PROVIDED RECORDS section start
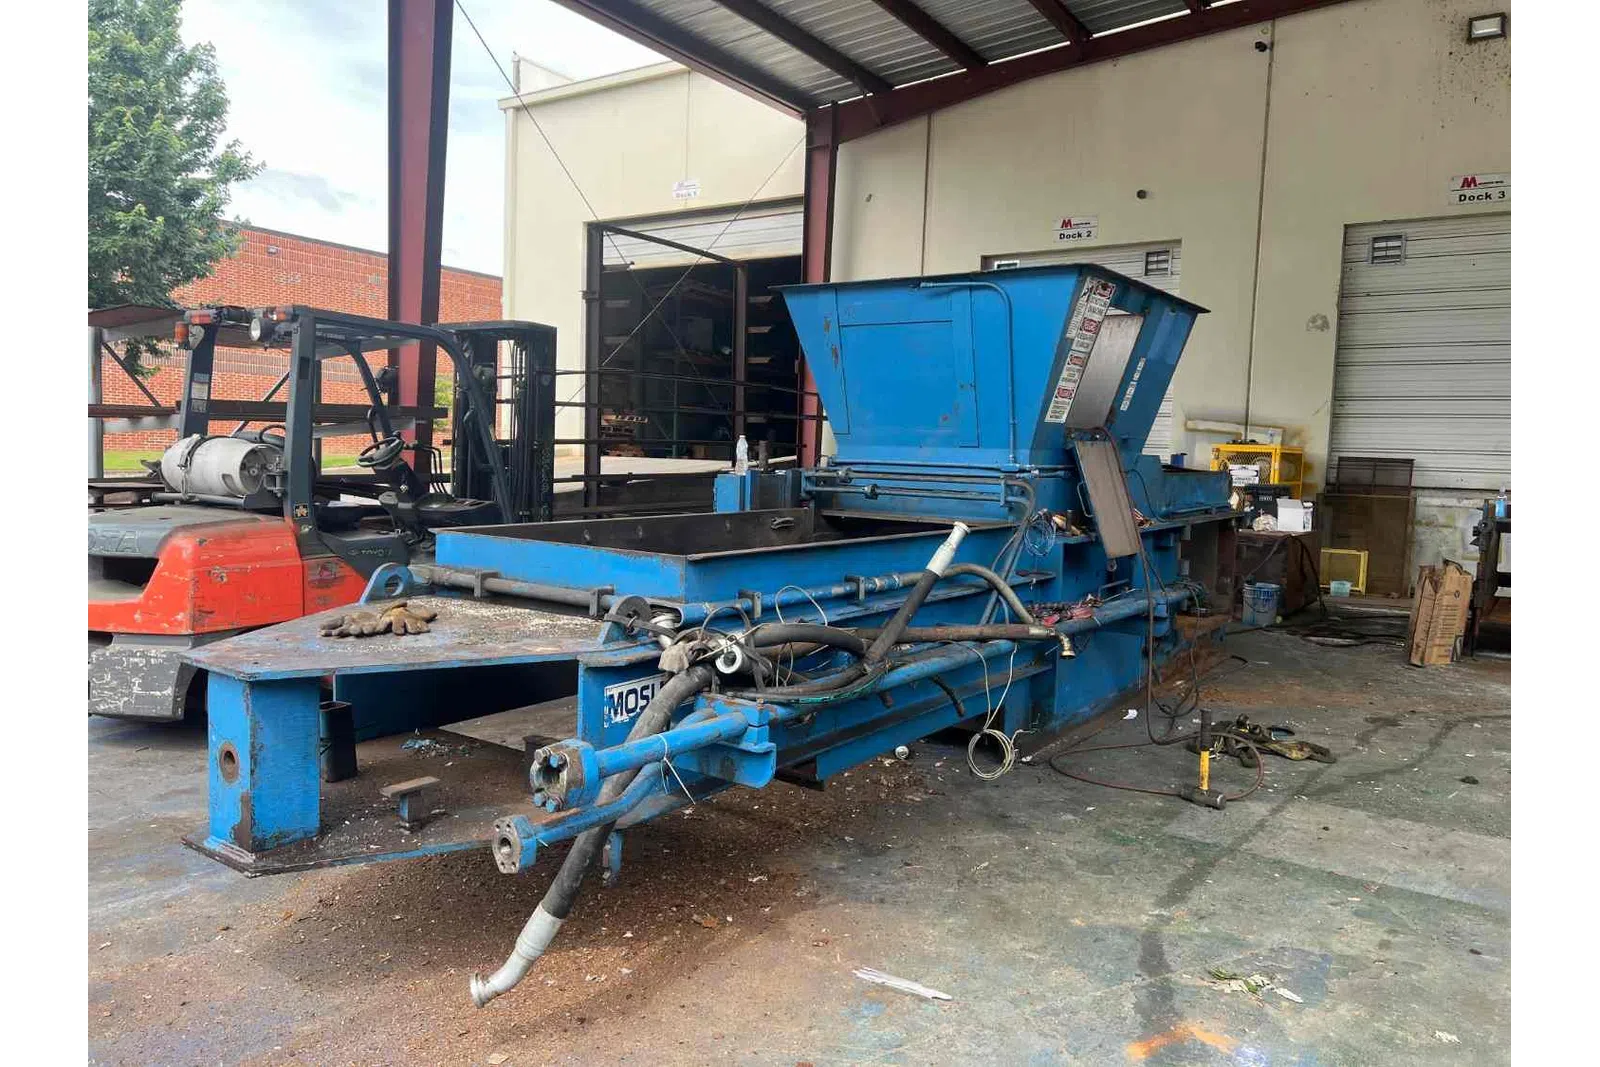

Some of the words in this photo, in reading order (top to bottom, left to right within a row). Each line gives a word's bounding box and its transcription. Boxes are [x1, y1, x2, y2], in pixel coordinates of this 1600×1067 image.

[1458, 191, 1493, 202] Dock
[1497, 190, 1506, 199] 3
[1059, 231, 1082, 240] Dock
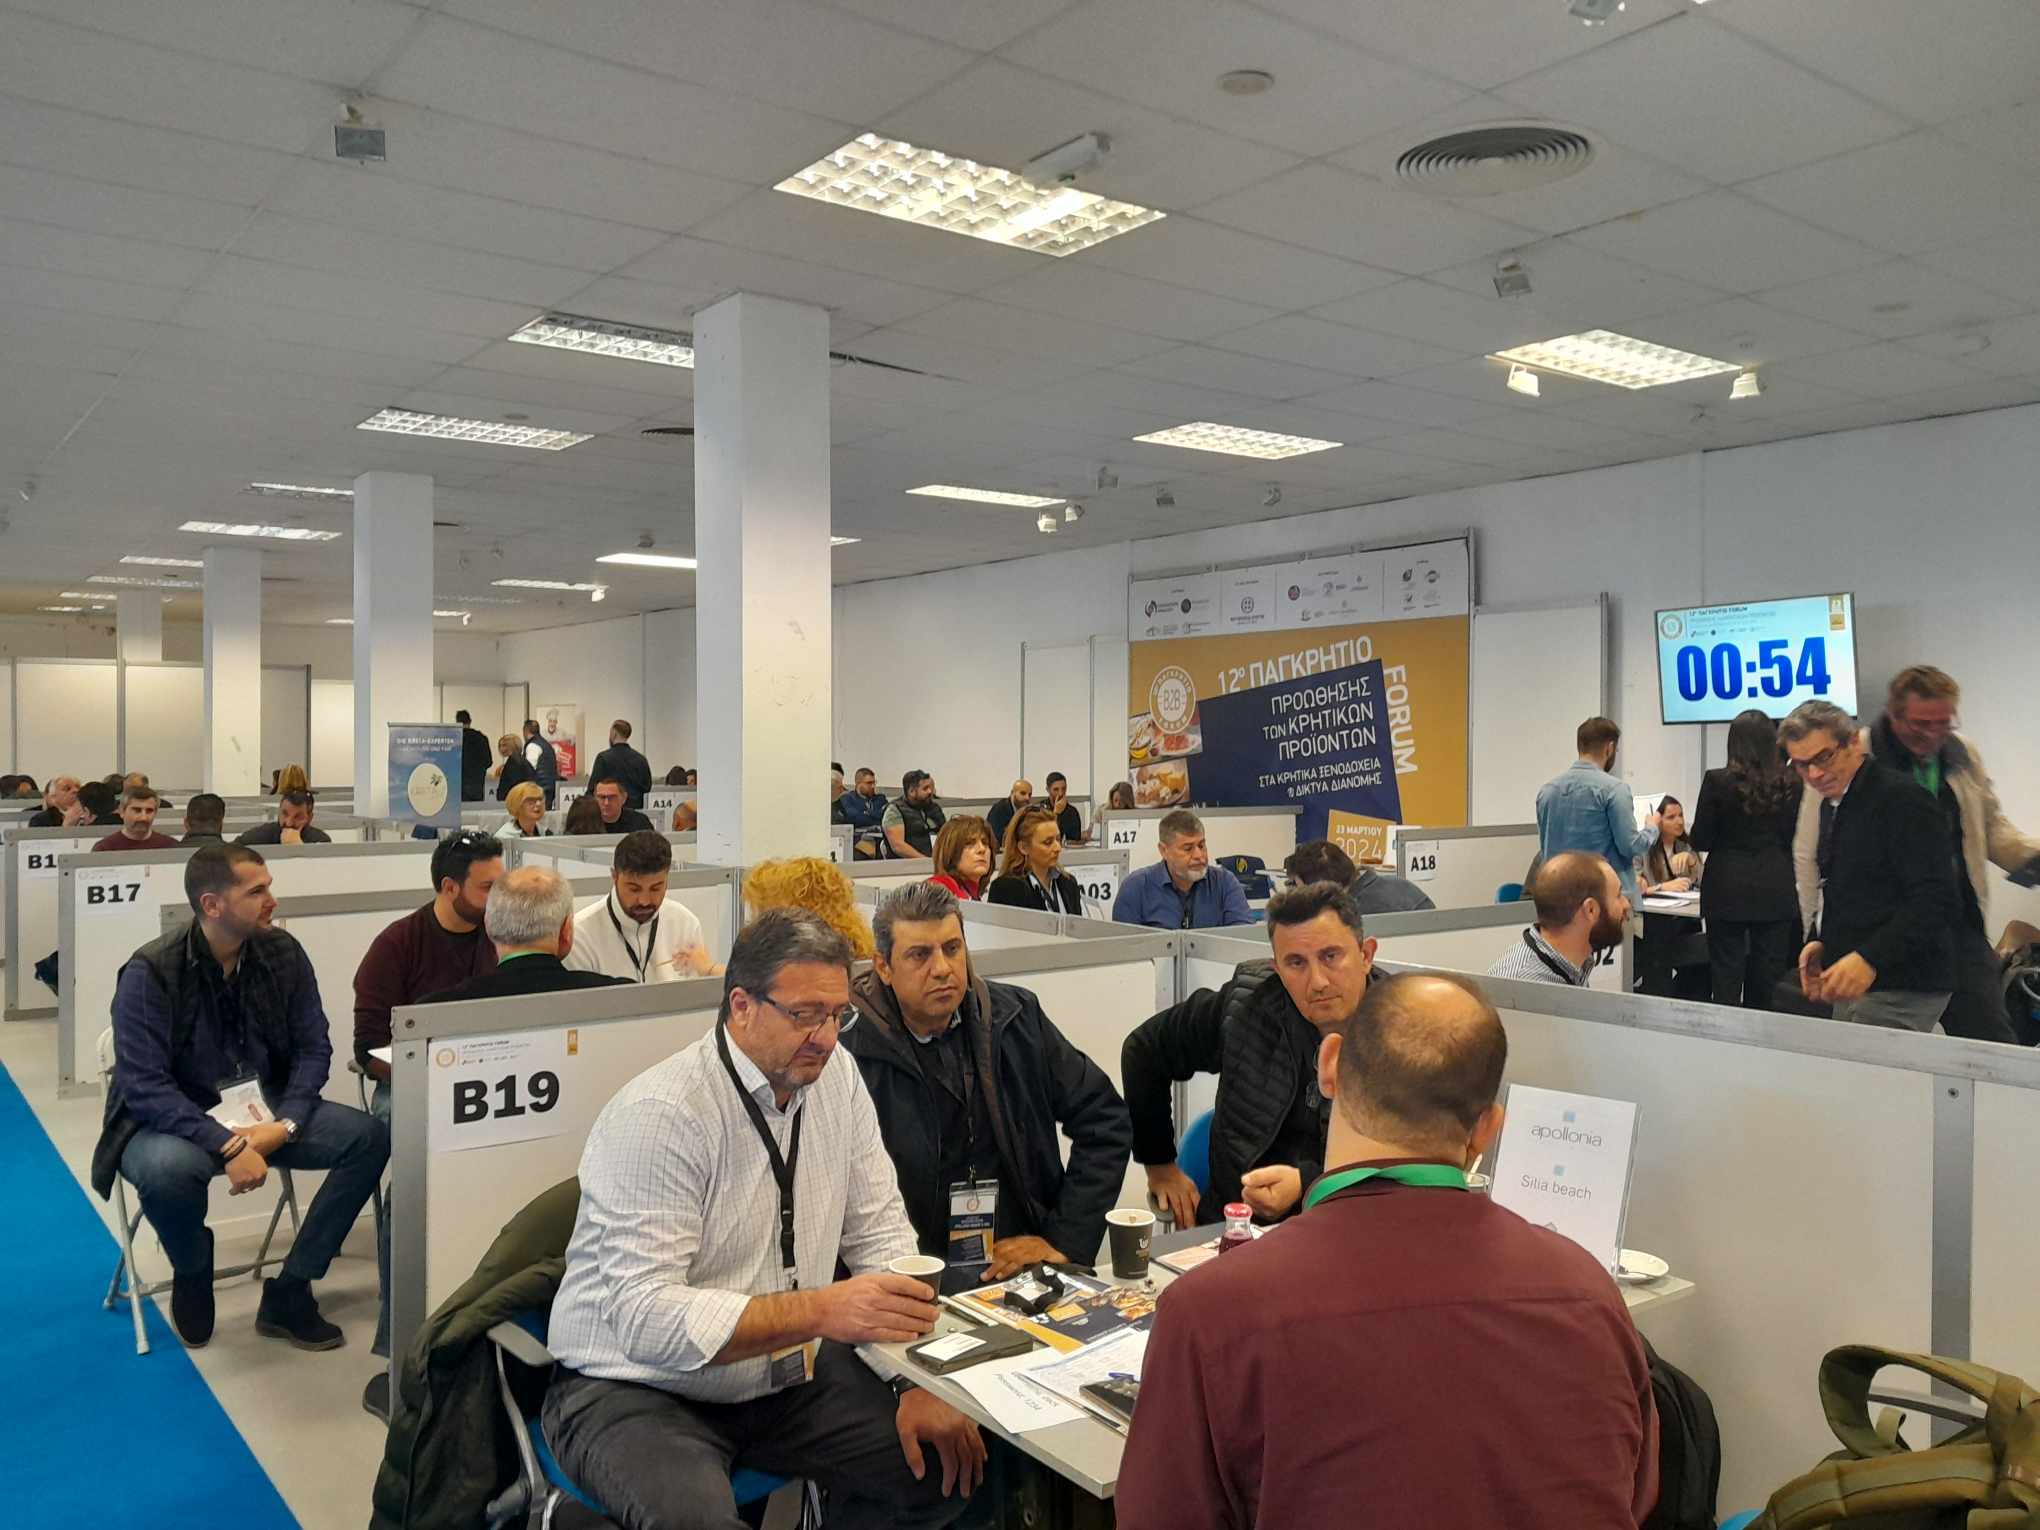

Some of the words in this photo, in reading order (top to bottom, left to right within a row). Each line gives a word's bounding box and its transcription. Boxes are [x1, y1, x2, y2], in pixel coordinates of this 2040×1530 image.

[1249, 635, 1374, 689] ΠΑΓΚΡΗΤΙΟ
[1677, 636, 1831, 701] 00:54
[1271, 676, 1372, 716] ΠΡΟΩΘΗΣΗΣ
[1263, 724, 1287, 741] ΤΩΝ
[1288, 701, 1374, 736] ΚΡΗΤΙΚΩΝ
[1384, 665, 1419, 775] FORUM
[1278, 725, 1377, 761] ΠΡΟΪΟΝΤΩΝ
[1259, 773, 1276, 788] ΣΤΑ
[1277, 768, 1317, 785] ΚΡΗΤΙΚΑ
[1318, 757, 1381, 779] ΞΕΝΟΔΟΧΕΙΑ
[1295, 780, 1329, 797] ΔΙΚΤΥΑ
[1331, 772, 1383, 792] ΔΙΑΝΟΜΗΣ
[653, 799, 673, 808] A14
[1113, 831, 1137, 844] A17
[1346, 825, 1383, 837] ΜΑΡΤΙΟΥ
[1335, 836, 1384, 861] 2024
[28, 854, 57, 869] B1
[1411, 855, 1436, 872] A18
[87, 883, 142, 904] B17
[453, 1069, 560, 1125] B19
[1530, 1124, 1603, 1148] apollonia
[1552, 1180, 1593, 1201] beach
PROVIDED RECORDS section end
TASK TO CARRY OUT → The whole listing above must be set down again exactly, but without its images.

ANSWER BELOW →
Some of the words in this photo, in reading order (top to bottom, left to right within a row). Each line gives a word's bounding box and its transcription. Boxes are [x1, y1, x2, y2], in pixel coordinates of this 1600×1067 image.

[1458, 191, 1493, 202] Dock
[1497, 190, 1506, 199] 3
[1059, 231, 1082, 240] Dock

Some of the words in this photo, in reading order (top to bottom, left to right within a row). Each line gives a word's bounding box and its transcription. Boxes are [x1, y1, x2, y2], in pixel coordinates of this 2040×1530 image.

[1249, 635, 1374, 689] ΠΑΓΚΡΗΤΙΟ
[1677, 636, 1831, 701] 00:54
[1271, 676, 1372, 716] ΠΡΟΩΘΗΣΗΣ
[1263, 724, 1287, 741] ΤΩΝ
[1288, 701, 1374, 736] ΚΡΗΤΙΚΩΝ
[1384, 665, 1419, 775] FORUM
[1278, 725, 1377, 761] ΠΡΟΪΟΝΤΩΝ
[1259, 773, 1276, 788] ΣΤΑ
[1277, 768, 1317, 785] ΚΡΗΤΙΚΑ
[1318, 757, 1381, 779] ΞΕΝΟΔΟΧΕΙΑ
[1295, 780, 1329, 797] ΔΙΚΤΥΑ
[1331, 772, 1383, 792] ΔΙΑΝΟΜΗΣ
[653, 799, 673, 808] A14
[1113, 831, 1137, 844] A17
[1346, 825, 1383, 837] ΜΑΡΤΙΟΥ
[1335, 836, 1384, 861] 2024
[28, 854, 57, 869] B1
[1411, 855, 1436, 872] A18
[87, 883, 142, 904] B17
[453, 1069, 560, 1125] B19
[1530, 1124, 1603, 1148] apollonia
[1552, 1180, 1593, 1201] beach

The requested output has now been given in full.